And also it was, it's like, this is the beginning of space wars where it was country spend so much money putting satellites in orbit for information, for cell service, for GPS, whatever the case is. And now if, you know, Vlad decides that he doesn't like it, he's going to go shoot a missile at it. And then all the space junk is going to launch into the stratosphere, maybe damaging other satellites. Like it's just, it's too much for me. It's very overwhelming. It is overwhelming. It's overwhelming, but, um,

I don't know how we can stop what everyone sort of sees as progress. You know, we can only hope that people, there's some diplomacy about, you know, going up and shooting something out of space. Can you kind of let us know so that we don't have three men tethered to a long thing on the Canada arm swinging around? Yeah, that's our arm. It's amazing how...

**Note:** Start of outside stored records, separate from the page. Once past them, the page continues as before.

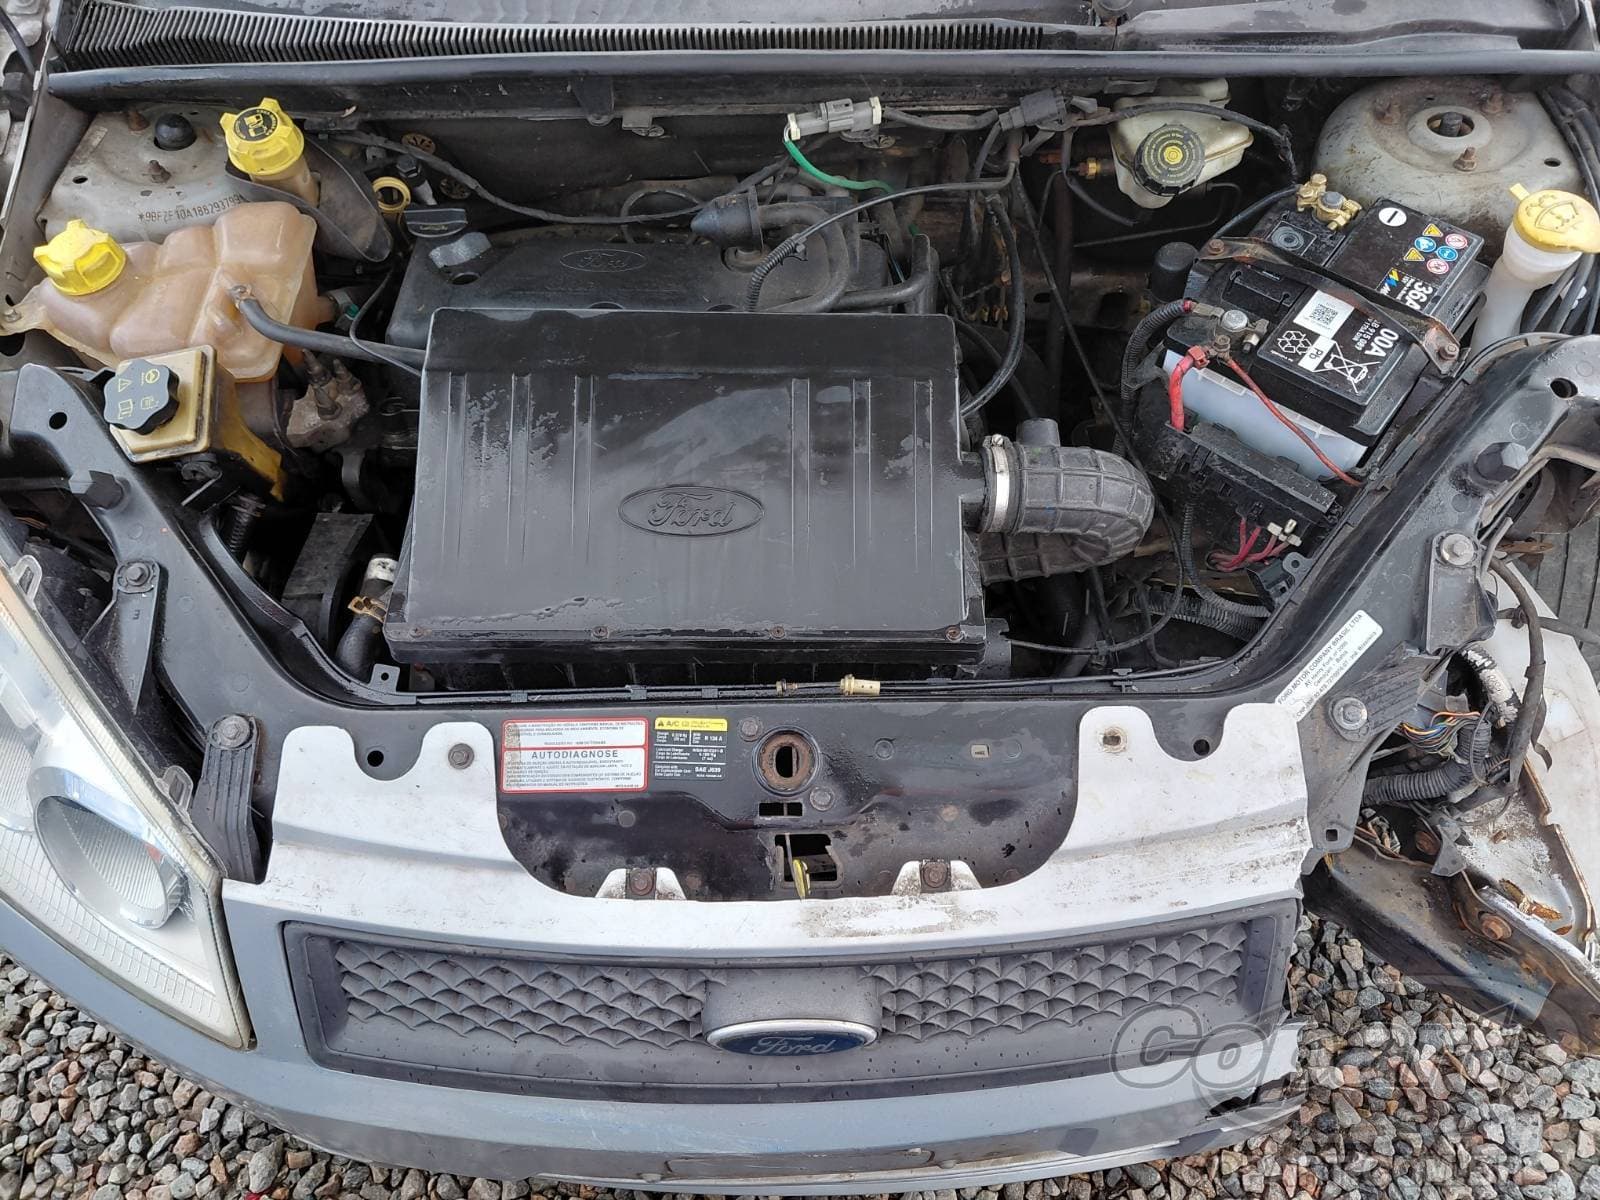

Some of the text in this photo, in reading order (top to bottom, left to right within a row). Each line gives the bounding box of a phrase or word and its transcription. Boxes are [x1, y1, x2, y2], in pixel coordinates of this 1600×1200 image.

[1309, 348, 1324, 360] Pb
[647, 491, 737, 527] Ford
[1292, 669, 1311, 689] MOTOR
[1310, 645, 1333, 671] COMPANY
[1333, 626, 1351, 647] BRASIL
[531, 750, 619, 760] AUTODIAGNOSE
[751, 1036, 836, 1055] Ford

how adventurous people are and how many people are lined up to go to space. I remember the three of us talking about the, the Mars mission probably over a year ago, year and a half. And, and, uh, just how many thousands and thousands of applicants they had for a one way trip to Mars that was probably going to be unsuccessful. And you would,

probably die before you got there. Yeah. I have changed my views on space travel. I'd say a lot based on just knowing more about what's included. Cause previously I thought in the fantasy land, you know, question of would you go to space if given the opportunity, I would always have said yes. I'm like, now I'm just not so sure. Would you go if Bezos called you up and said, do you want to go take a report? No, you wouldn't go. No, I wouldn't go. I have, I have no interest in it. For one thing, I don't have any desire to have that kind of attention. Um,

put upon me. I think it's God awful. Um, some people thrive and they, they love that and they love that spotlight. I think someone like William Shatner, um, for one thing, I love that there was a 90 year old that they had chose that of one of the Kardashians that was thrilling that it wasn't Kim Kardashian or Drake or I don't know, going up there that there was an elderly man who'd been on this planet for nine decades and

And was able to reflect on his own life and his own mortality and to look down at a place. I think that was an important choice. But my goodness, he loved the attention. I would just be like, no, no.

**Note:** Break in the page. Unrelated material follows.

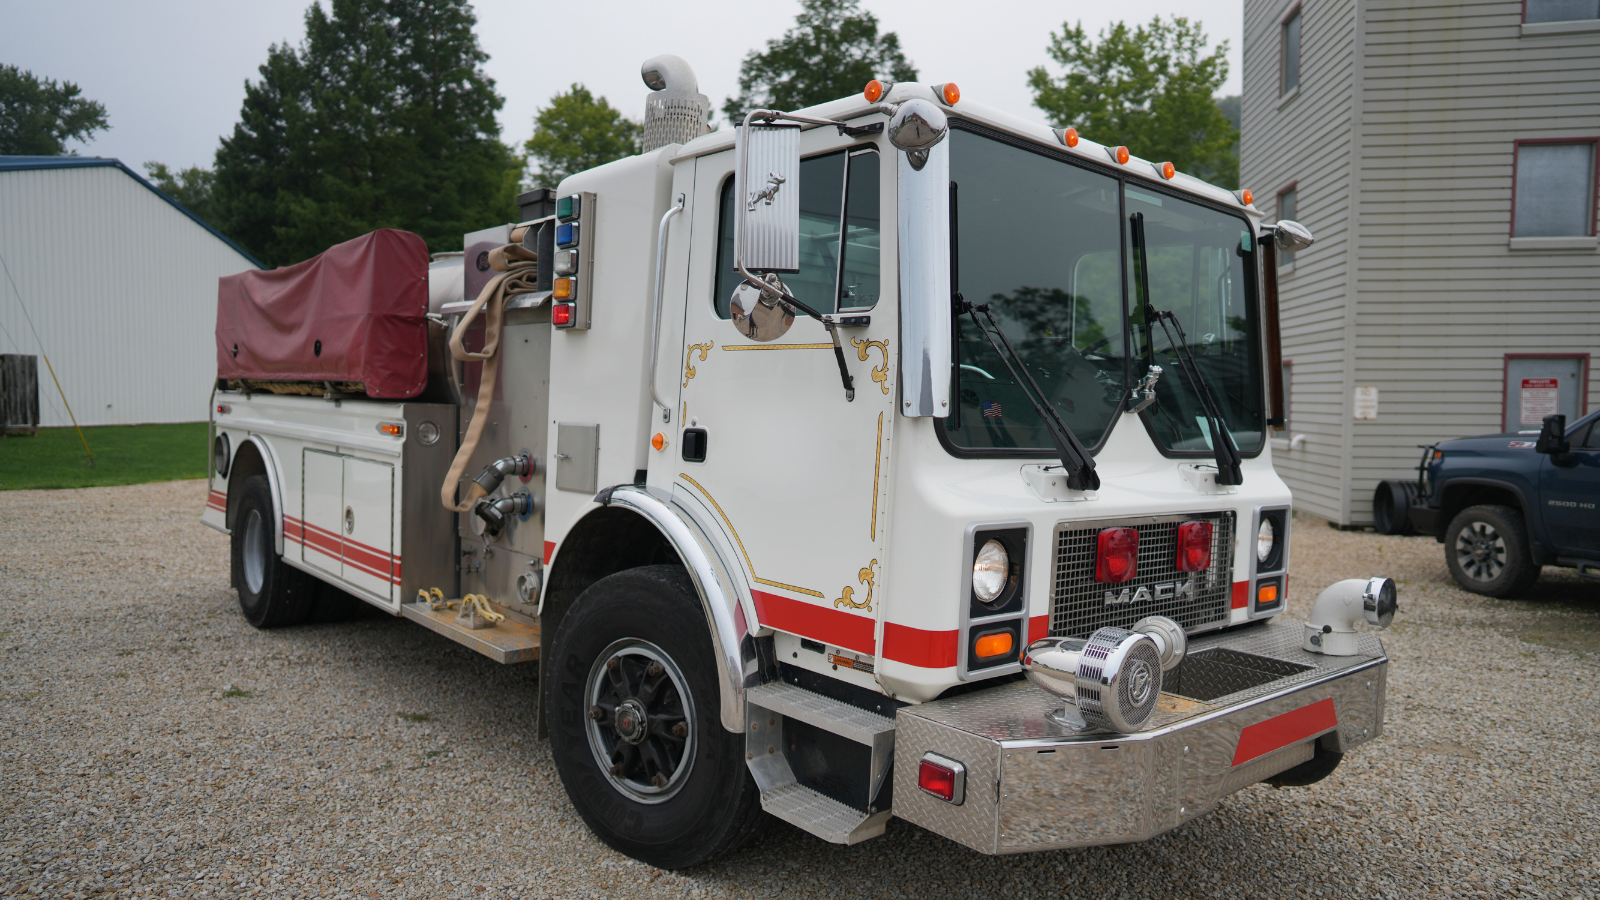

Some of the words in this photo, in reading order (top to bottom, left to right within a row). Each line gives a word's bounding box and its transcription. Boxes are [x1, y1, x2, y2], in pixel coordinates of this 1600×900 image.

No, thank you. And now Michael Strahan will be the, I think, is he the tallest person to go into space? I think he might be. Are height things that they kind of try and aim for? Is it because of the size of the space station that they don't want you six foot seven wandering around in there? You're going to take everything out? Yep, absolutely. So there is kind of, my understanding was that there is an ideal height to not be if you're going to be up there. I don't think they want, you know, Michael Jordan roaming around the space station. I don't think that would work.

No, I can see that. I just, like you said, Caitlin, everything's strapped down and the fact that there is no up or down, I think we all picture them walking on metal grates, kind of making their way through the space station and they're just floating while their bone mass is decreasing each moment that they're up there and their lungs are shrinking and their organs are shrinking and everything. I mean, I don't know. What's the longest anyone's been in space? Is it a year? Has someone been up there?

I have no idea. Who? Write us, people. Find people. Oh, I thought you said a name. No. Write us and tell us how long the longest person in space has been there. I heard like Rexton Ellis and I was like, who is that? I have it. Okay. Russian cosmonaut. I hope I'm pronouncing this correctly. Valerie

Poliakov spent 437 days on the Mir space station from 1994 and 1995. Wow. What was left of, what was left of Valerie at the end of that? I bet you she stopped having her period.

Oh my gosh. Could you, that's another thing that the female astronauts have to think about. Maybe they give them like the, um, like the, the birth control shot that stops that for like a whole year of your life. You'd have to have something going on. Cause that would just be, where does it all, what would happen? I don't even want to think about it. You're listening to the Jan Arden podcast. Adam is giving us twirly fingers, which means we will be right back.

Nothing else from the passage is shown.